## DATASET CONTENT

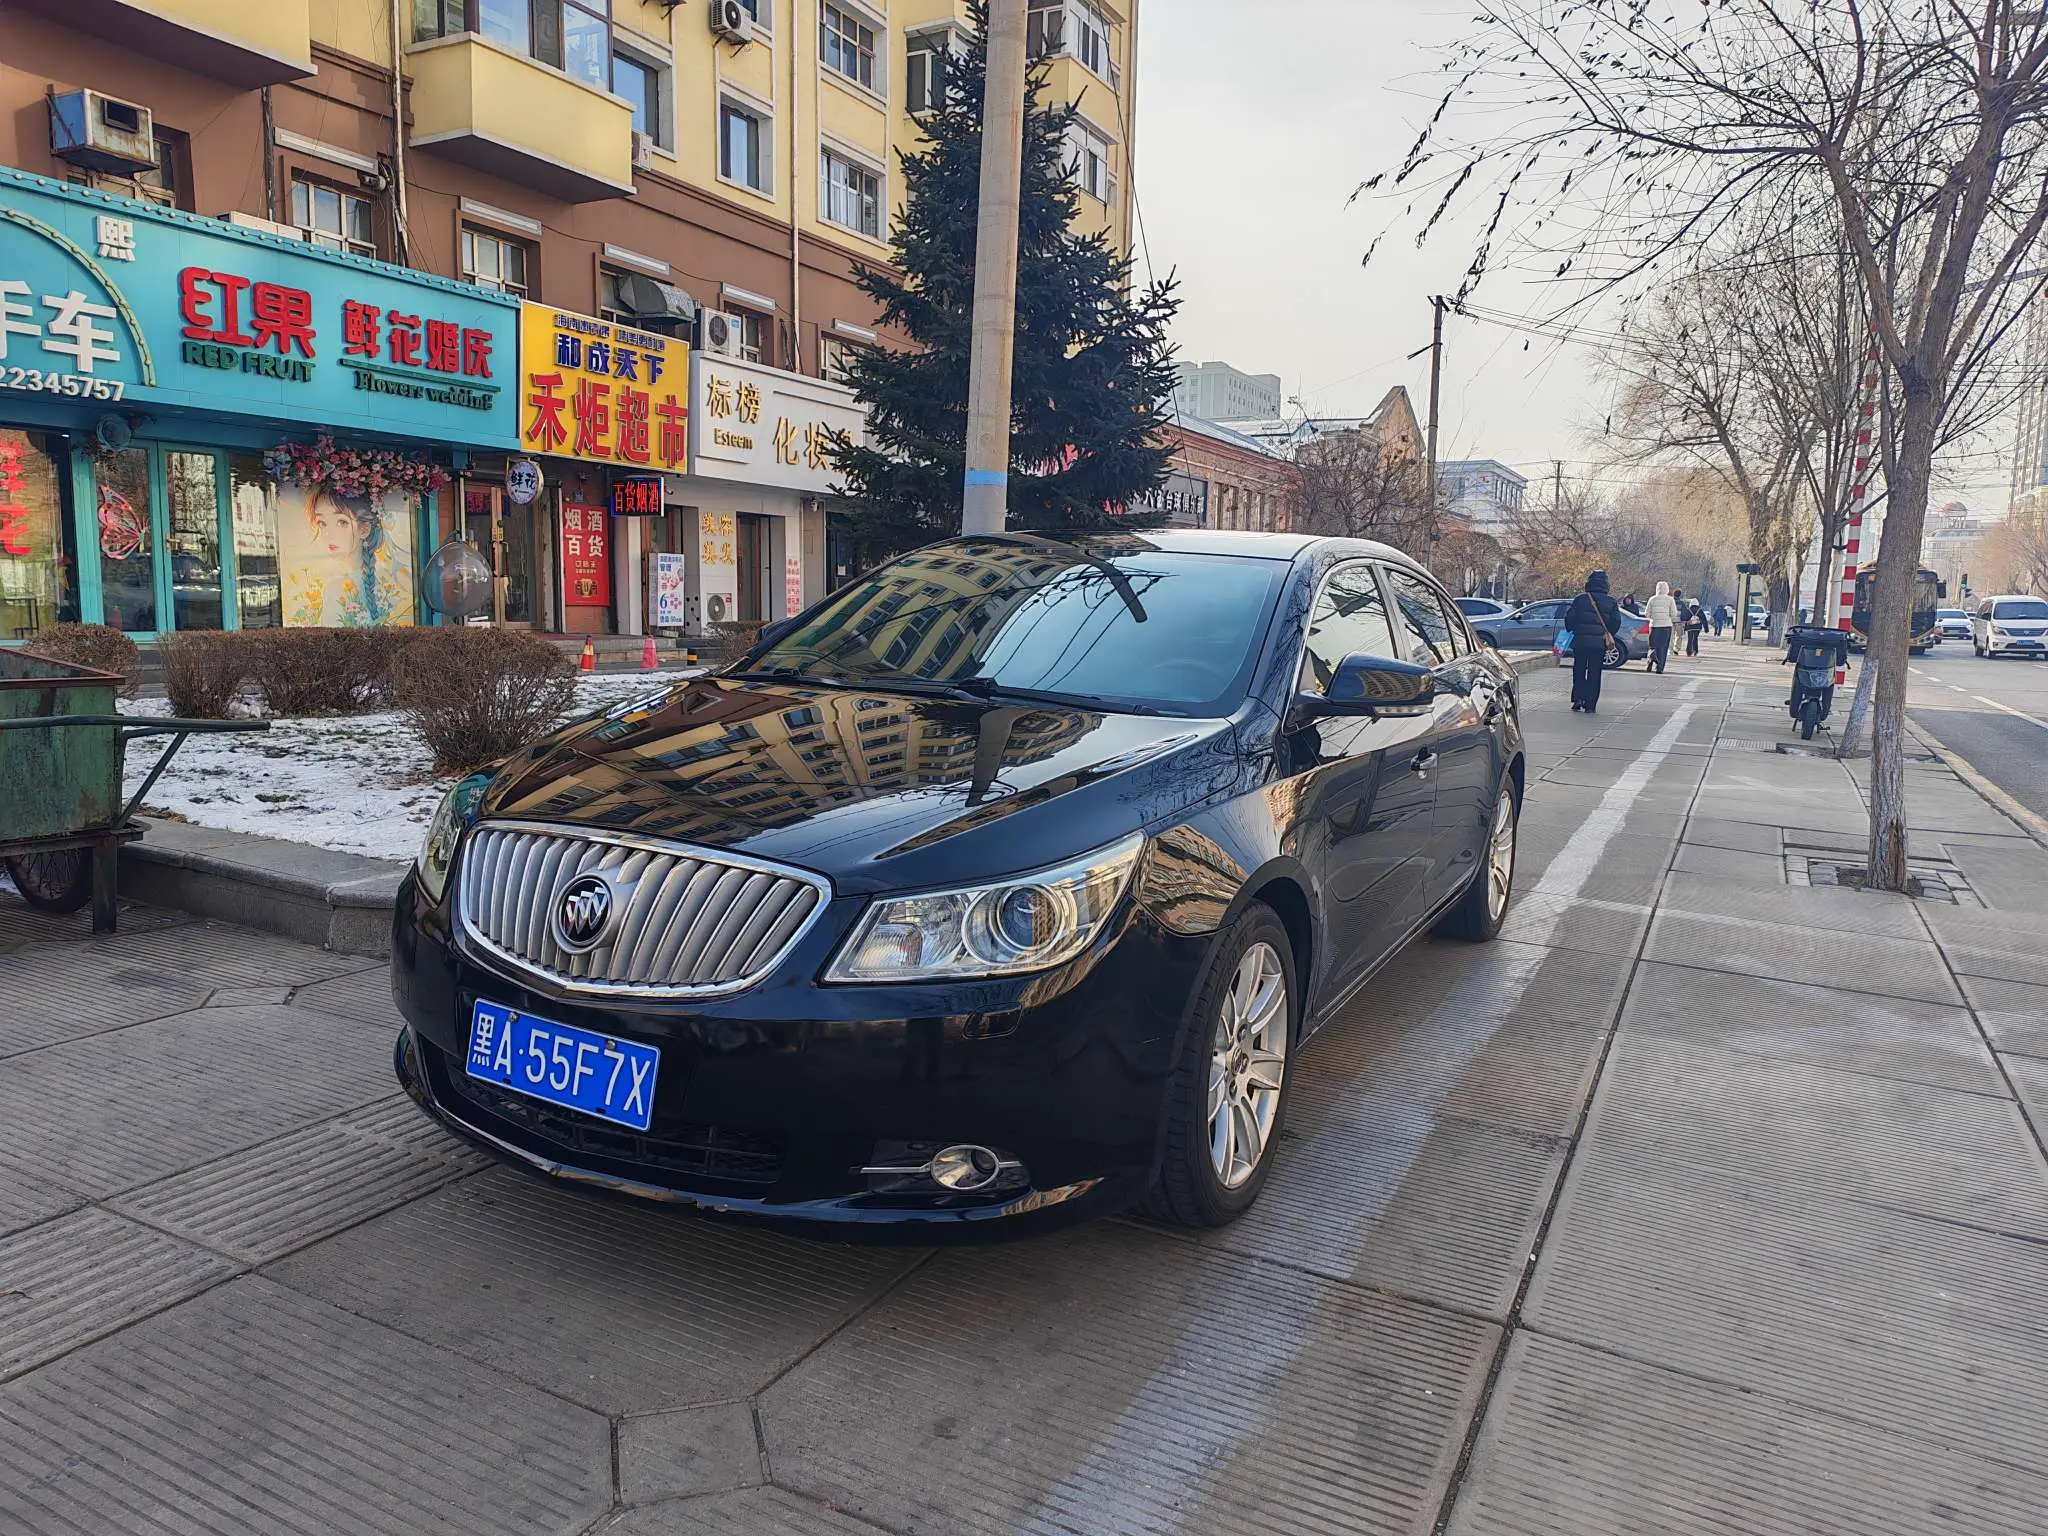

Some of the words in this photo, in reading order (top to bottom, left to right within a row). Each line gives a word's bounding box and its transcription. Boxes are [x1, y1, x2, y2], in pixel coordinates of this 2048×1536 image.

[178, 266, 316, 358] 红果
[344, 299, 493, 379] 鲜花婚庆
[556, 334, 665, 384] 和成天下
[182, 341, 240, 369] RED
[242, 352, 316, 382] FRUIT
[354, 371, 425, 399] Flowers
[425, 386, 493, 411] wedding
[707, 373, 761, 424] 标榜
[529, 372, 688, 467] 禾炬超市
[714, 428, 753, 450] Esteem
[510, 470, 537, 490] 鲜花
[614, 480, 659, 513] 百货烟酒
[564, 508, 604, 532] 烟酒
[702, 512, 733, 537] 美容
[565, 534, 604, 557] 百货
[471, 1012, 651, 1117] 黑A·55F7X
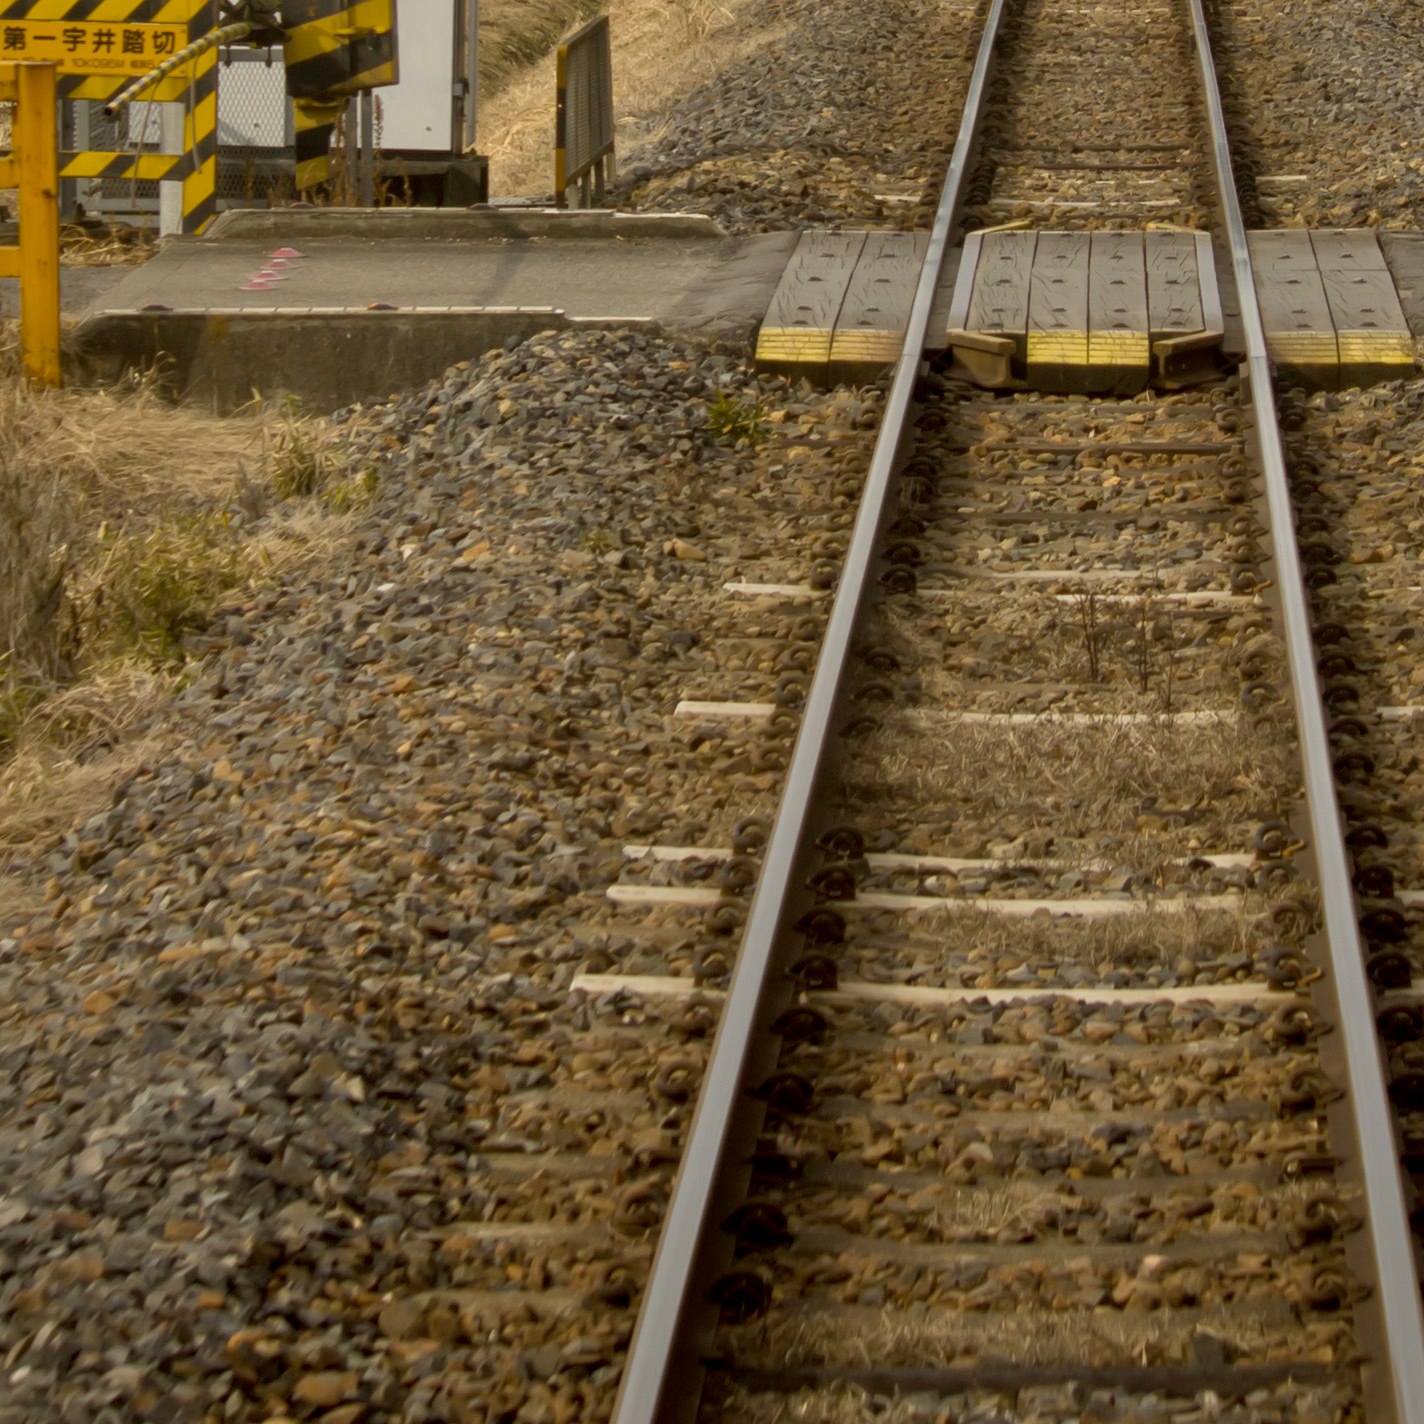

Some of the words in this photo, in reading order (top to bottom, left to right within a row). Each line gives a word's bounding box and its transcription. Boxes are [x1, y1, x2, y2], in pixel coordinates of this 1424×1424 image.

## TASK OBJECTIVE
Without including any picture, reproduce all of the material exactly.

## EXERCISE SOLUTION
Some of the words in this photo, in reading order (top to bottom, left to right within a row). Each line gives a word's bounding box and its transcription. Boxes are [x1, y1, x2, y2], in pixel coordinates of this 2048×1536 image.

[178, 266, 316, 358] 红果
[344, 299, 493, 379] 鲜花婚庆
[556, 334, 665, 384] 和成天下
[182, 341, 240, 369] RED
[242, 352, 316, 382] FRUIT
[354, 371, 425, 399] Flowers
[425, 386, 493, 411] wedding
[707, 373, 761, 424] 标榜
[529, 372, 688, 467] 禾炬超市
[714, 428, 753, 450] Esteem
[510, 470, 537, 490] 鲜花
[614, 480, 659, 513] 百货烟酒
[564, 508, 604, 532] 烟酒
[702, 512, 733, 537] 美容
[565, 534, 604, 557] 百货
[471, 1012, 651, 1117] 黑A·55F7X

Some of the words in this photo, in reading order (top to bottom, left to right within a row). Each line gives a word's bounding box and its transcription. Boxes are [x1, y1, x2, y2], in pixel coordinates of this 1424×1424 image.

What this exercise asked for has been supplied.